The reply should repeat all of the data word for word, with no pictures.

** Opening Records shown block **

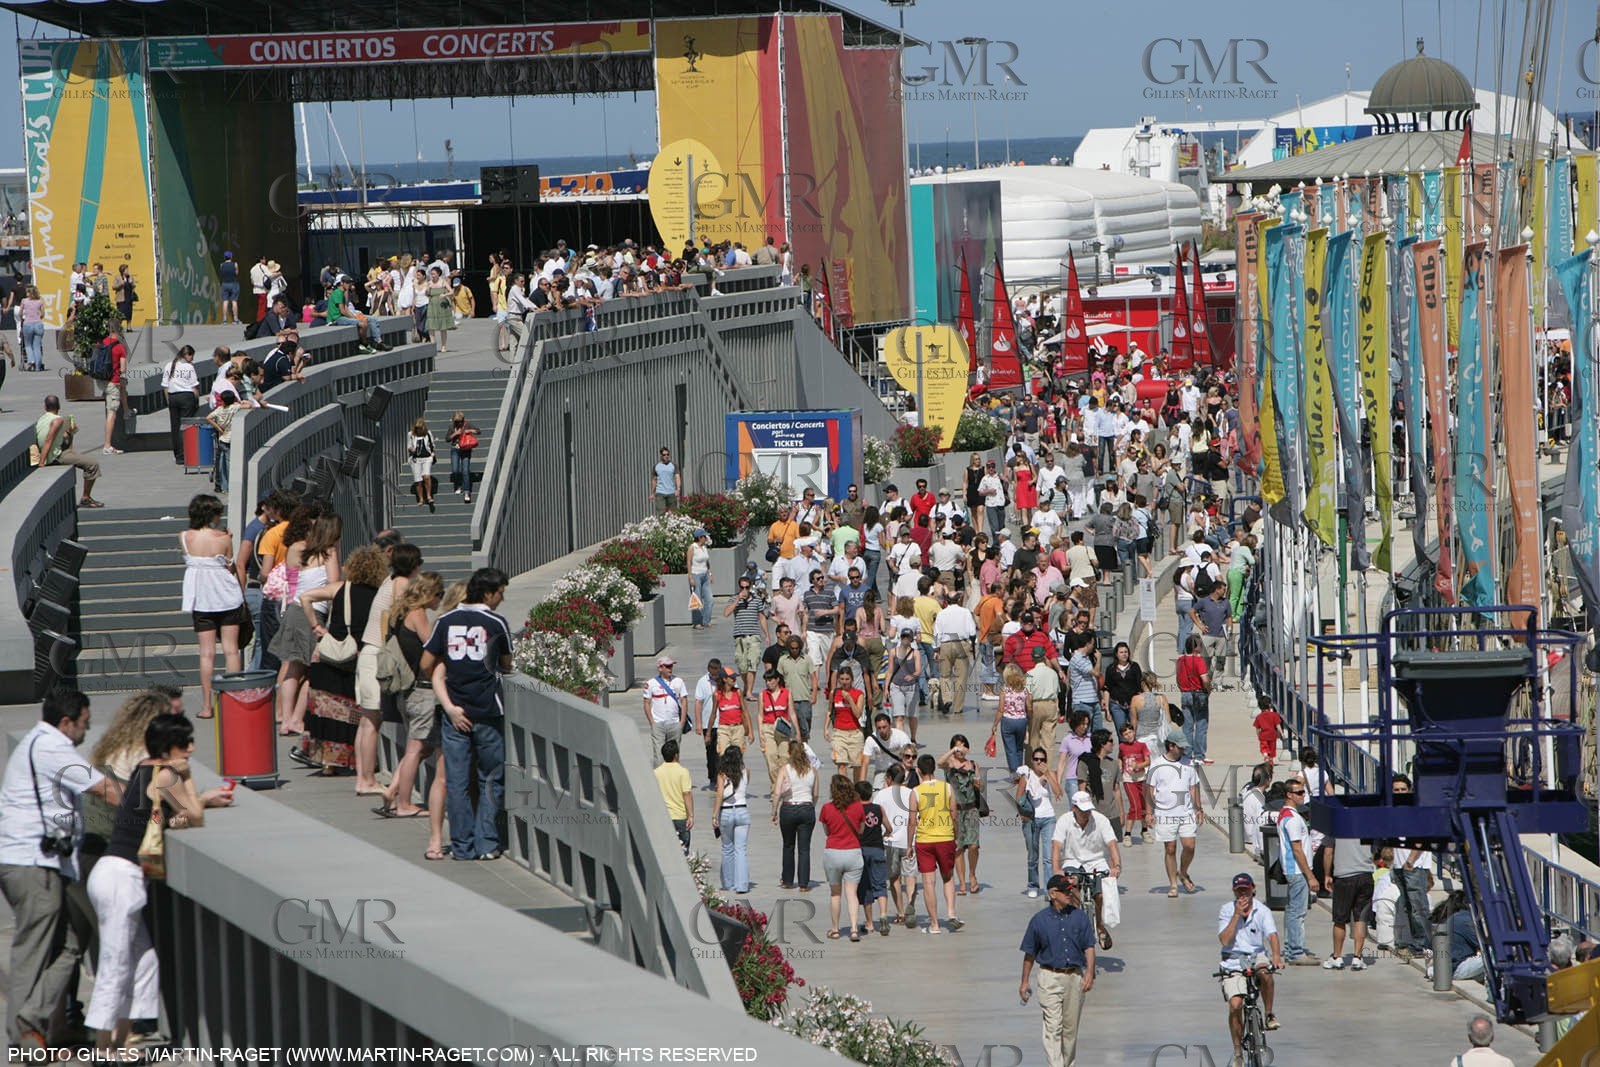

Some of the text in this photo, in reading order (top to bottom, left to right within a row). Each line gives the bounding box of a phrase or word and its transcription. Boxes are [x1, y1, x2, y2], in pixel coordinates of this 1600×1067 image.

[249, 37, 396, 62] CONCIERTOS
[422, 30, 555, 56] CONCERTS
[752, 421, 790, 430] Conciertos
[795, 420, 825, 429] Concerts
[447, 625, 488, 661] 53

** Closing Records shown block **

Output of the task.
Some of the text in this photo, in reading order (top to bottom, left to right within a row). Each line gives the bounding box of a phrase or word and its transcription. Boxes are [x1, y1, x2, y2], in pixel coordinates of this 1600×1067 image.

[249, 37, 396, 62] CONCIERTOS
[422, 30, 555, 56] CONCERTS
[752, 421, 790, 430] Conciertos
[795, 420, 825, 429] Concerts
[447, 625, 488, 661] 53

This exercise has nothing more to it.